1. Paper Type Classification

Classifies the paper into one of five categories — dataset, method, both, theoretical, or unknown — using LLM analysis of the full text. The model returns a structured response containing the predicted type, a confidence score, reasoning, and key evidence quotes. This classification determines all downstream routing: theoretical papers skip the dataset and code branches entirely, dataset papers skip code analysis, method papers skip dataset analysis, and unknown papers are treated as method papers.

2. Section Embeddings

Extracts the paper's sections via regex-based header detection, filtering to sections between 100 and 8,000 characters. Each section is embedded as a single vector using OpenAI text-embedding-3-small (1,536 dimensions), and the resulting PaperSectionEmbedding records are stored in the database. These embeddings serve as the retrieval index for the downstream RAG-based evaluation nodes. Results are cached: if embeddings already exist from a previous run, this node returns immediately.

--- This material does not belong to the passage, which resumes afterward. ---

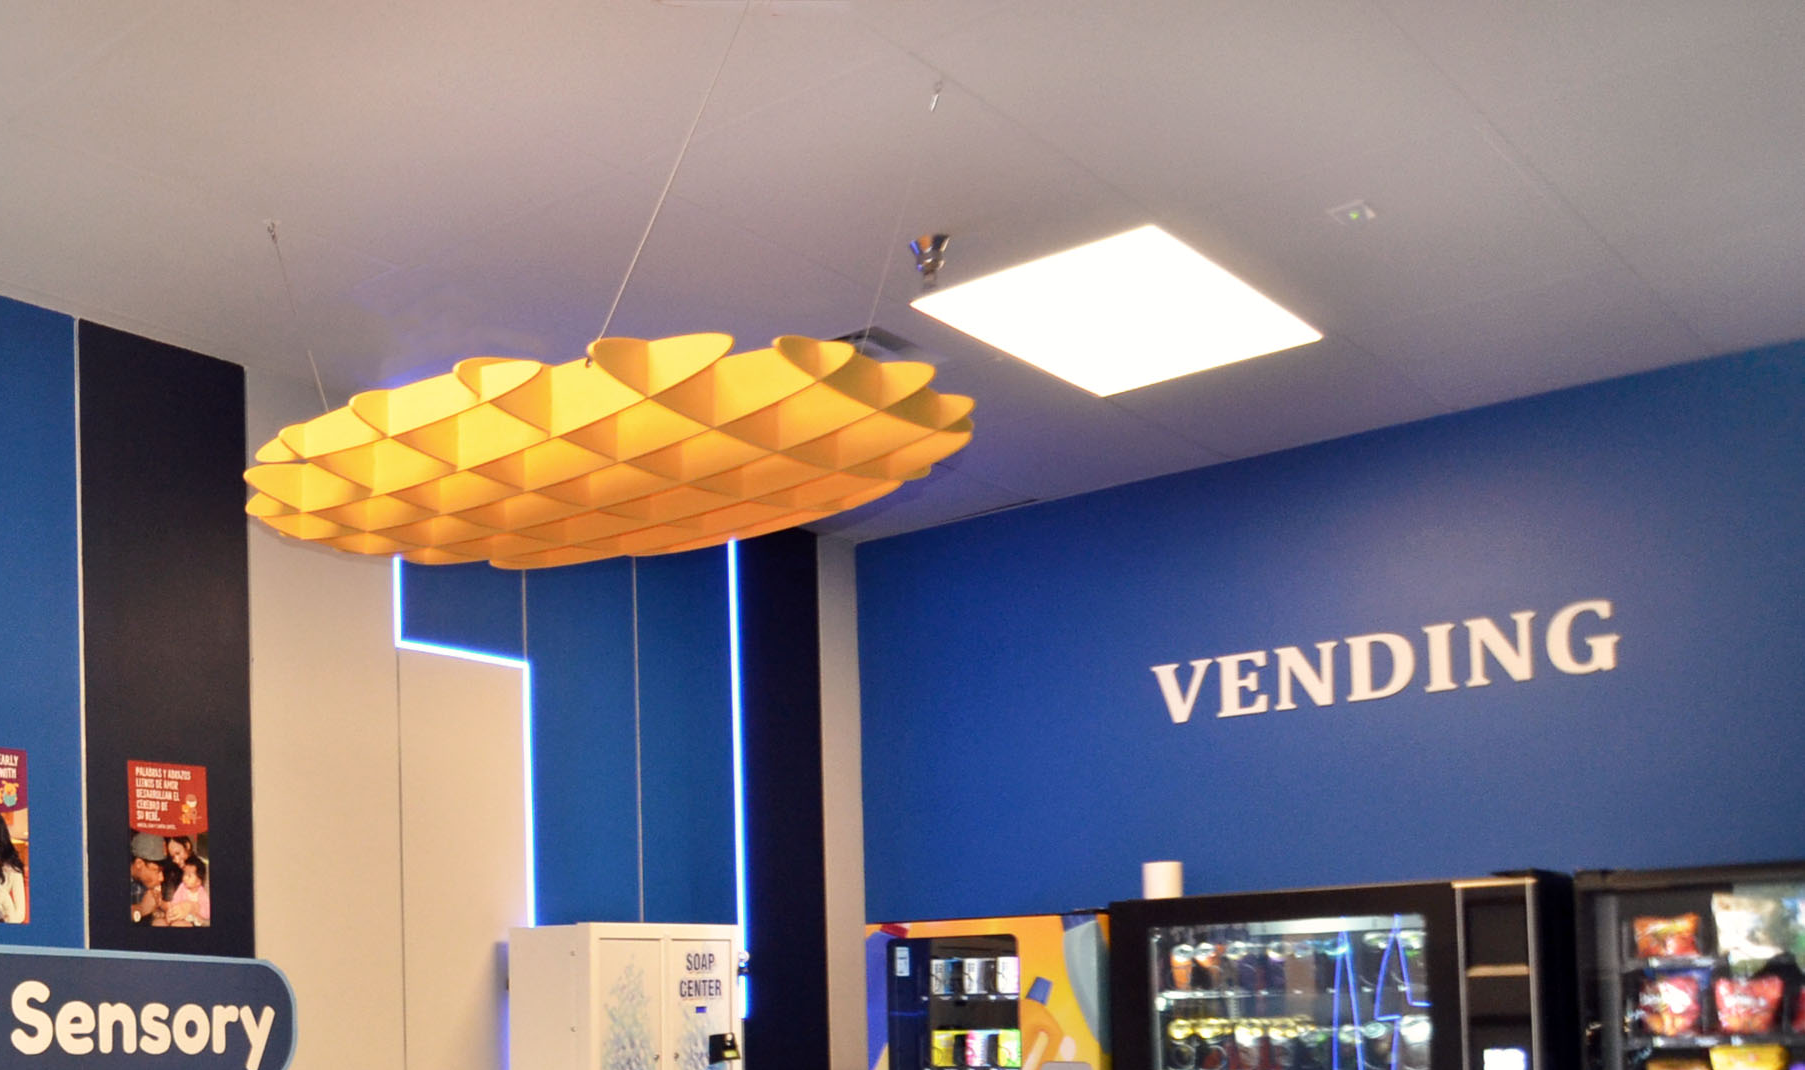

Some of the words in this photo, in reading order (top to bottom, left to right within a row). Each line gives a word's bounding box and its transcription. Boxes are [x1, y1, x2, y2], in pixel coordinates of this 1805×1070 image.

[1150, 600, 1620, 723] VENDING
[0, 766, 17, 779] WITH
[686, 953, 715, 971] SOAP
[679, 979, 722, 998] CENTER

3. Reproducibility Checklist

Evaluates 20 reproducibility criteria (6 model criteria, 8 dataset criteria, 6 experiment criteria) adapted from the MICCAI reproducibility checklist. Each criterion has a pre-computed embedding stored in the database. For every criterion, the node performs a two-step RAG process:

  1. Retrieval — computes cosine similarity between the criterion embedding and all paper section embeddings, selects the top-3 sections (minimum similarity threshold of 0.15).
  2. LLM analysis — sends the retrieved sections along with the criterion description and paper metadata to an LLM call with a Pydantic structured output schema, producing a present/absent judgment, confidence score, evidence quote, and importance rating (critical / important / optional).

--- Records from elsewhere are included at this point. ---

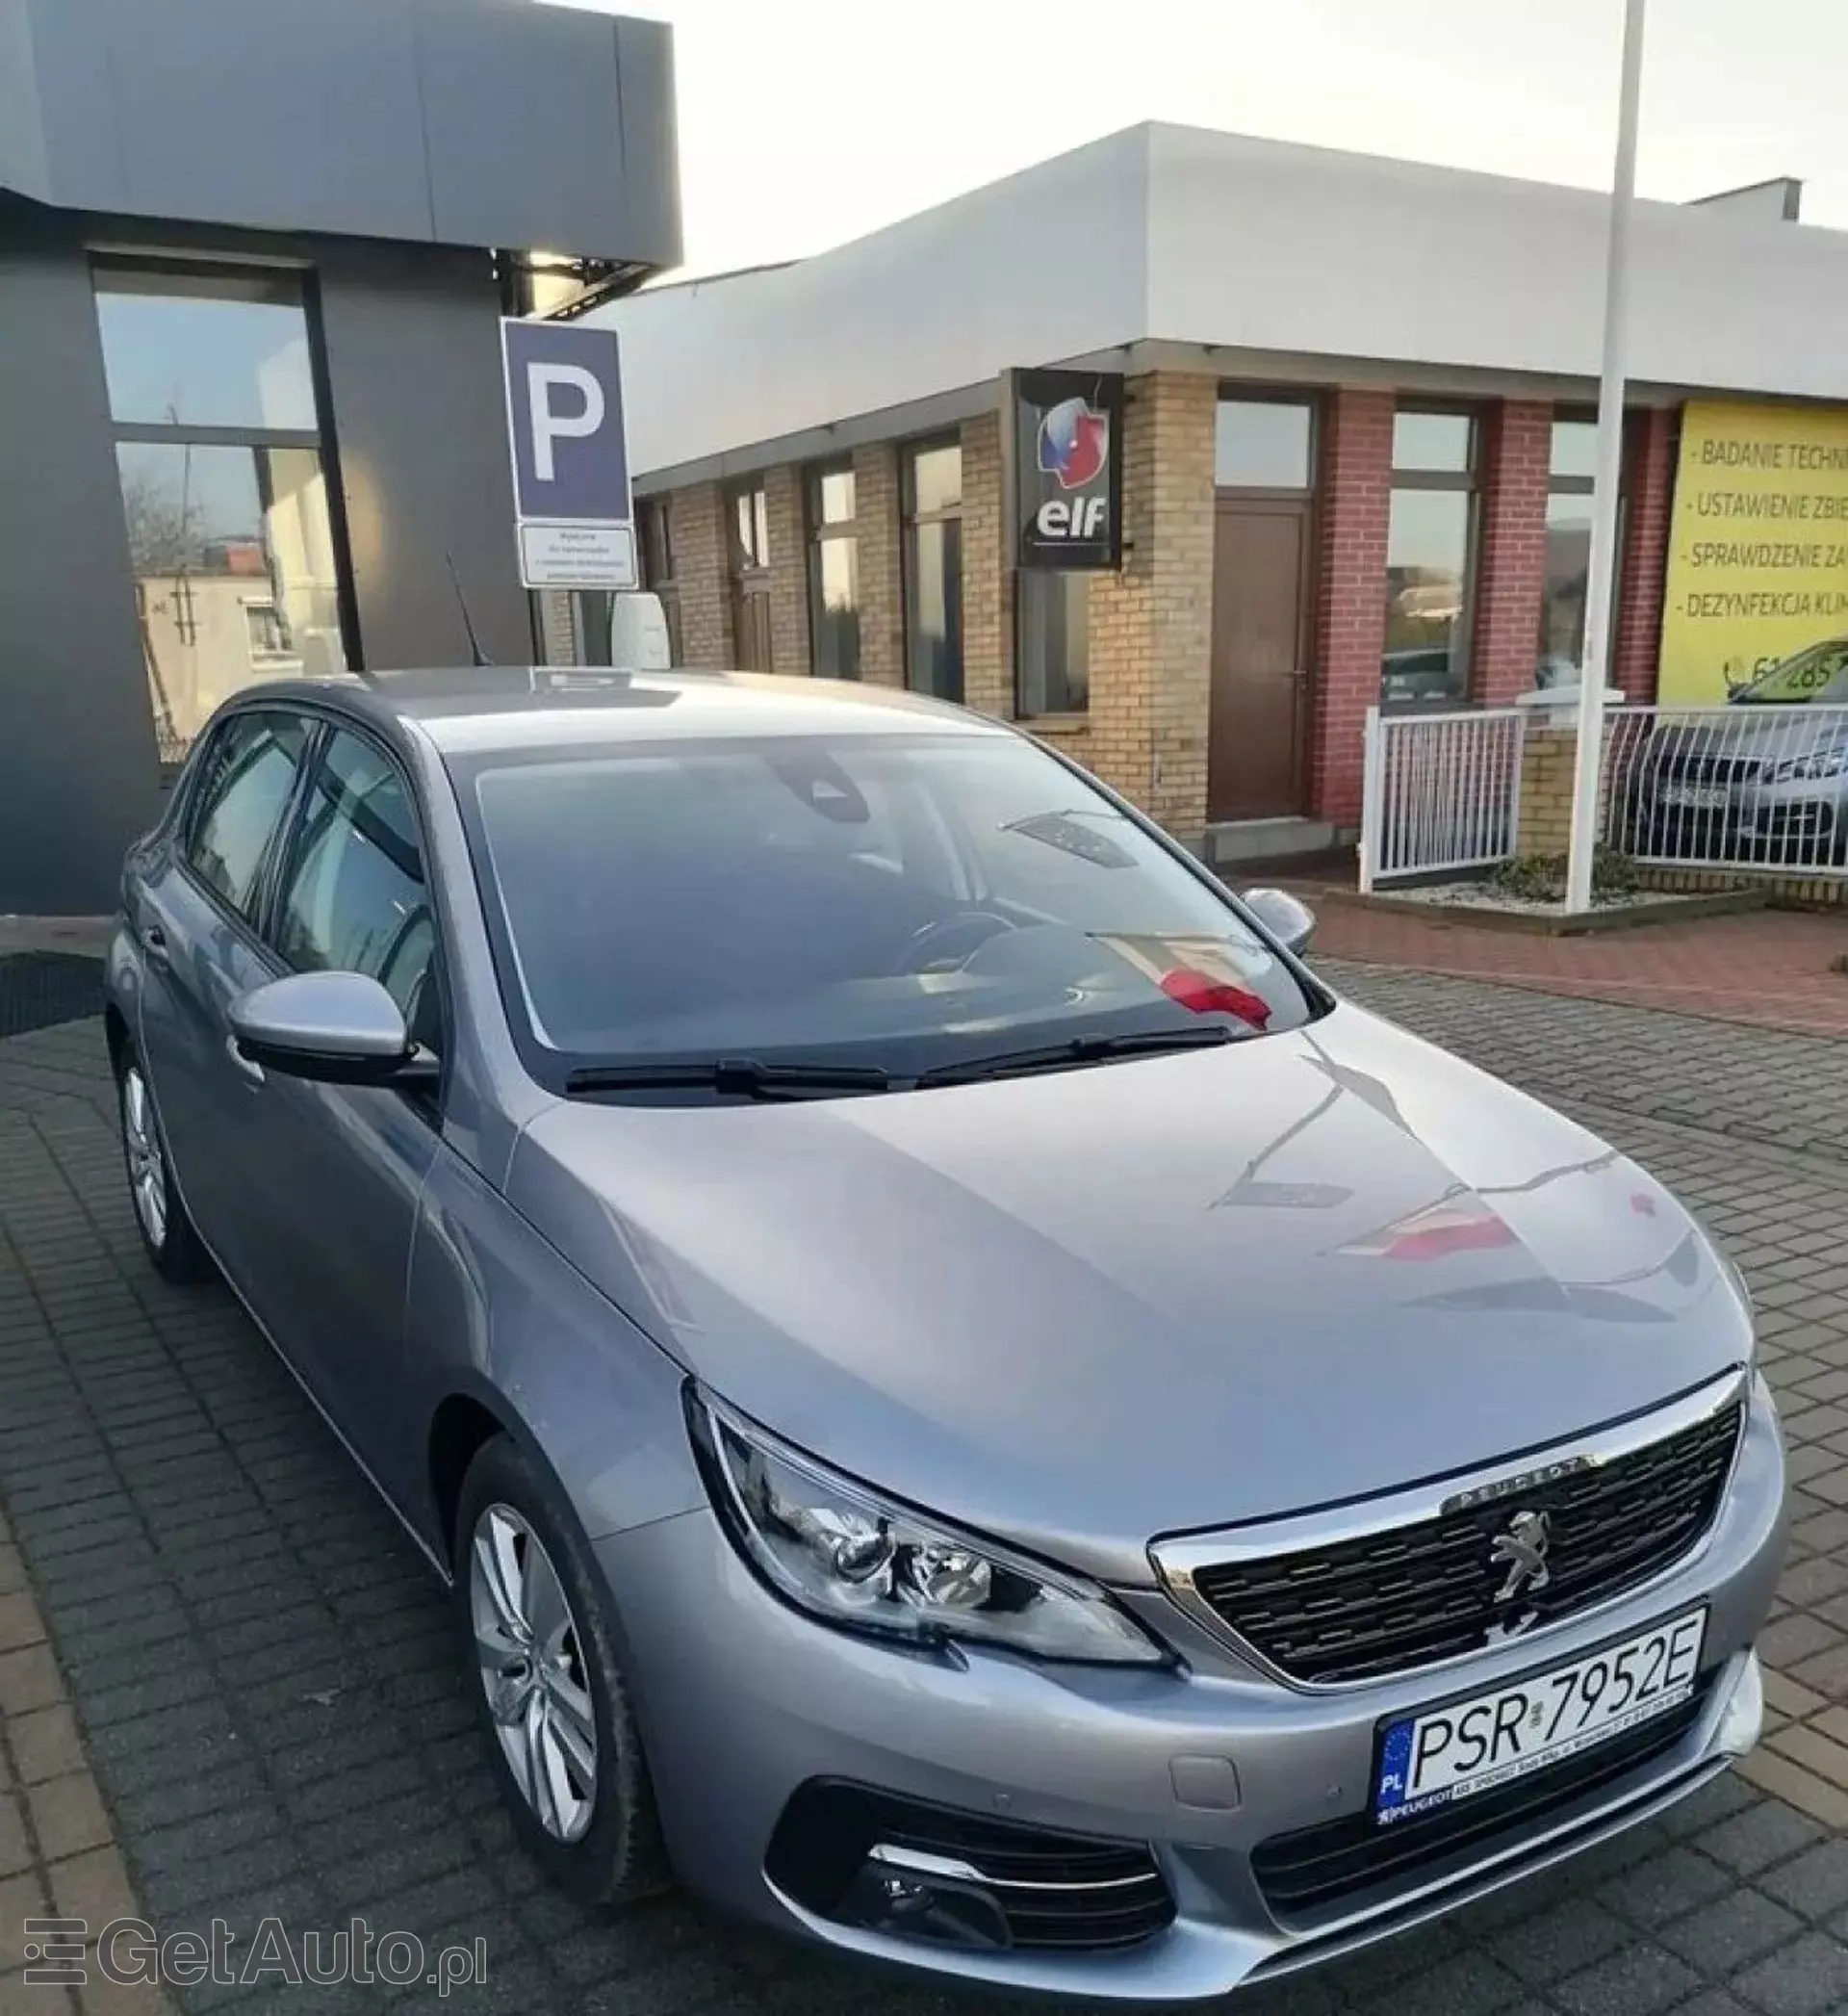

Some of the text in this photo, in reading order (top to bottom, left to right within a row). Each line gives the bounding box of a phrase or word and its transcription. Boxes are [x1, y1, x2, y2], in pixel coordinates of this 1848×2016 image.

[527, 362, 605, 481] P
[1702, 439, 1784, 469] BADANIE
[1037, 497, 1107, 538] elf
[1698, 492, 1810, 519] USTAWIENIE
[1691, 543, 1821, 568] SPRAWDZENIE
[1687, 593, 1810, 617] DEZYNFEKCJA
[1411, 1692, 1528, 1788] PSR
[1544, 1619, 1699, 1742] 7952E
[1380, 1772, 1403, 1795] PL

After all 20 LLM calls, a programmatic aggregation (no LLM) computes per-category scores (models, datasets, experiments) as the confidence-weighted fraction of satisfied criteria within each category, then applies paper-type-adaptive weights to produce a final weighted score. For example, method papers weight the datasets category at 20%, models at 45% and experiments at 35%

4. Dataset Documentation Check

Evaluates 10 dataset documentation criteria organized into three categories — Data Collection (3 criteria, weight 35%), Annotation (4 criteria, weight 40%), and Ethics & Availability (3 criteria, weight 25%). The RAG process is identical to the Reproducibility Checklist: top-3 section retrieval via cosine similarity, followed by per-criterion LLM analysis with structured output. Scores are aggregated programmatically per category with the above weights. This node runs only for papers classified as "dataset" or "both".

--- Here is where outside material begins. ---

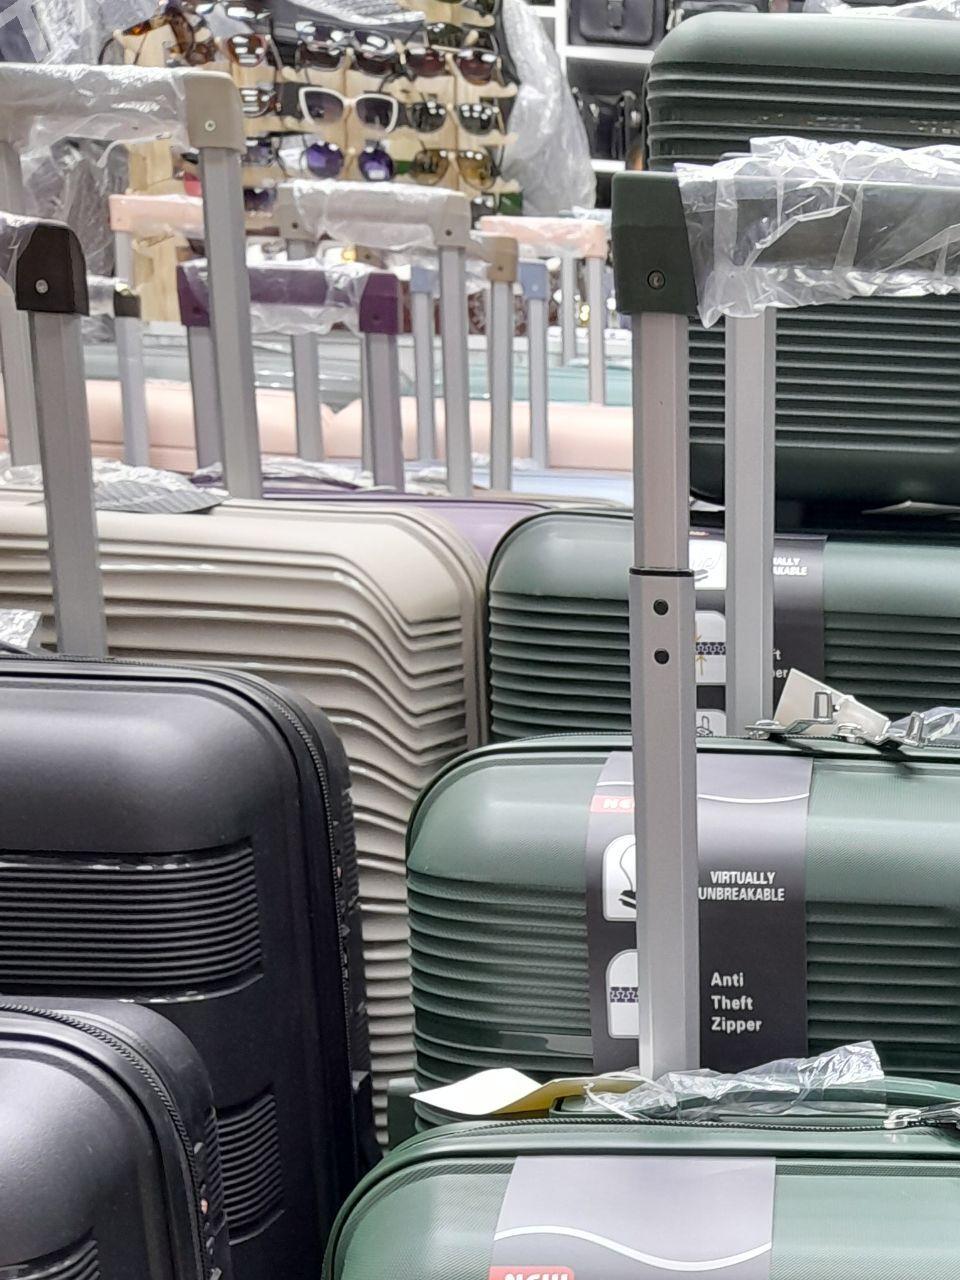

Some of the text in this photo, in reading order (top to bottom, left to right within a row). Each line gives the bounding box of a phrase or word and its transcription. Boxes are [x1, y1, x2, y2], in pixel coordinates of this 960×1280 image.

5. Code Availability Check

Searches for the paper's source code repository using a three-step strategy:

  1. Database check — uses a previously stored code_url if available.
  2. Text extraction — scans the paper text with a regex matching git repository URLs. If found, an LLM API call is performed to validate whether it's the one associated with the paper (to avoid using one just cited by the authors)
  3. LLM-powered online search — if no URL is found in the text, we perform an LLM API call equipped with a web search tool, using the paper's title and abstract to search online for the code URL.

If URL found, verify it's actually accessible and it contains actual code by attempting to clone it. If no code is found, downstream code nodes are progressively skipped. This node is skipped entirely for theoretical papers.

6. Code Embedding

Clones the repository found by Code Availability Check and prepares it for evidence-based analysis:

  1. Initial ingestion — clones the repo via GitIngest and extracts the README plus the full file tree with per-file token counts.
  2. LLM-based file selection — the LLM receives the README and file tree, then selects a set of include patterns targeting reproducibility-critical files (e.g., main implementation, training scripts, configs) within a 100,000-token budget, explicitly excluding comparison models, benchmarks, and visualization scripts.
  3. Selective re-ingestion — re-clones with only the LLM-selected patterns.
  4. Chunking and embedding — every selected file is split into chunks of up to 20,000 characters (at word/line boundaries, no overlap), and every chunk is mandatorily embedded via text-embedding-3-small (1,536 dimensions). Embeddings are stored as CodeFileEmbedding records, including content hashes for integrity.

The clone is preserved on disk so that Code Repository Analysis can reuse it without re-cloning.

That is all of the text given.